Given two strings s1 and s2, return true if s2 contains a permutation of s1 — that is, if there exists a contiguous substring of s2 that has the same character counts as s1 (an anagram of s1).

  • The substring in s2 must be contiguous and of length exactly s1.length().
  • If s1 is longer than s2, return false.
  • Only lowercase English letters are typically considered; the idea extends to any finite alphabet.
02

Key Observations

  • A permutation of s1 is uniquely determined by its character counts. So we need a contiguous block in s2 of length |s1| whose frequency map equals that of s1.
  • We can use a fixed-size sliding window of length |s1| in s2. As we slide by one position, we remove one character from the left and add one on the right; update the window's frequency map and compare with s1's map (or maintain a "match" count to avoid full comparison each time).
  • To avoid comparing two full arrays every step: maintain the window's freq and a counter "how many characters have the same count in window as in s1"; when that counter equals the number of distinct characters (or total agreement), we have a permutation.
03

Approach

High-level: Build the frequency map for s1. Slide a window of length |s1| over s2, maintaining the window's character counts.
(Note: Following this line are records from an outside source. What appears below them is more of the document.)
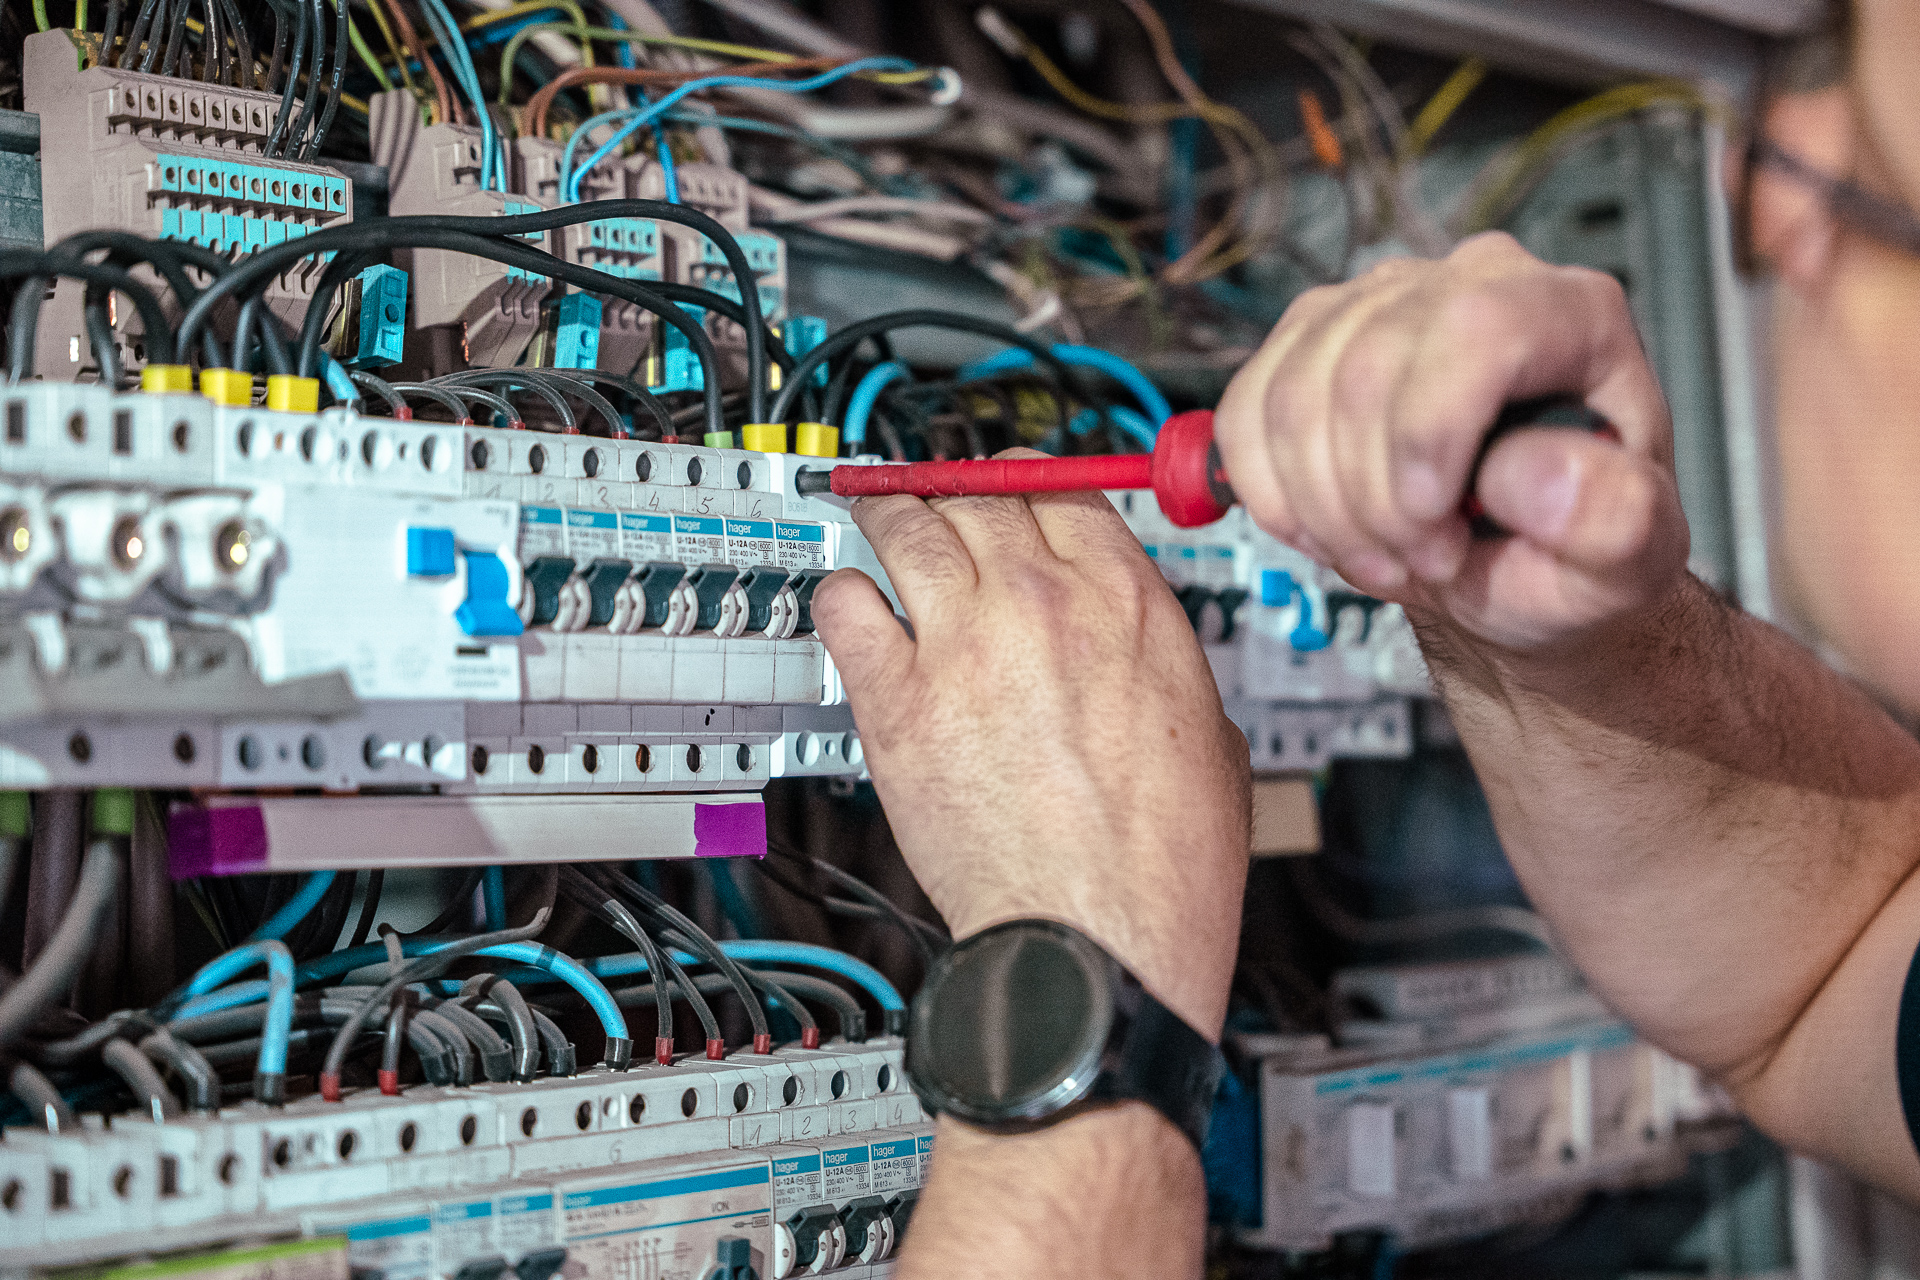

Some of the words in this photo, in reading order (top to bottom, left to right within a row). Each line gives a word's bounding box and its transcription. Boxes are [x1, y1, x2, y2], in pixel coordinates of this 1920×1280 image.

[542, 483, 555, 502] 2
[648, 491, 660, 512] 4
[697, 497, 714, 514] 5
[750, 499, 762, 518] 6
[676, 517, 701, 532] hager
[728, 521, 752, 536] hager
[777, 524, 801, 539] hager
[676, 536, 697, 545] U-12A
[728, 539, 748, 547] U-12A
[778, 541, 798, 550] U-12A
[893, 1103, 903, 1122] 4
[801, 1115, 812, 1135] 2
[844, 1110, 857, 1130] 3
[750, 1124, 762, 1145] 1
[873, 1145, 896, 1158] hager
[919, 1138, 936, 1151] hag
[824, 1152, 848, 1164] hager
[919, 1153, 933, 1163] U-12
[774, 1161, 799, 1174] hager
[825, 1167, 845, 1177] U-12A
[873, 1161, 892, 1171] U-12A
[775, 1176, 795, 1187] U-12A
When the window's counts match s1's counts, return true. Use a single "match" counter (e.g. how many chars have correct count) for O(1) check per step.

Steps:

  1. If s1.length() > s2.length(), return false. Build freq for s1.
  2. Initialize the first window s2[0..len(s1)-1] and its freq; compute initial "match" count (how many chars have window count == s1 count).
  3. For each new position: remove left char (update counts and match), add right char (update counts and match). If match indicates full agreement, return true.
  4. Return false after scanning.
04

Implementation

Java
public boolean checkInclusion(String s1, String s2) {

    if (s1.length() > s2.length()) {
        return false;
    }

    int[] freq = new int[26];

    for (char c : s1.toCharArray()) {
        freq[c - 'a']++;
    }

    int left = 0, match = 0;

    for (int right = 0; right < s2.length(); right++) {
        int r = s2.charAt(right) - 'a';

        if (--freq[r] >= 0) {
            match++;
        }

        if (right - left + 1 > s1.length()) {
            int l = s2.charAt(left) - 'a';

            if (freq[l]++ >= 0) {
                match--;
            }

            left++;
        }

        if (match == s1.length()) {
            return true;
        }
    }

    return false;
}
05

Test Cases

Example 1

Input
s1 = "ab", s2 = "eidbaooo"
Expected
true
Explanation
"ba" is a permutation of "ab".
06

Complexity Analysis

  • Time: O(n + m).
  • Space: O(1).
07

Follow-ups

  • Find all start indices of permutations of s1 in s2.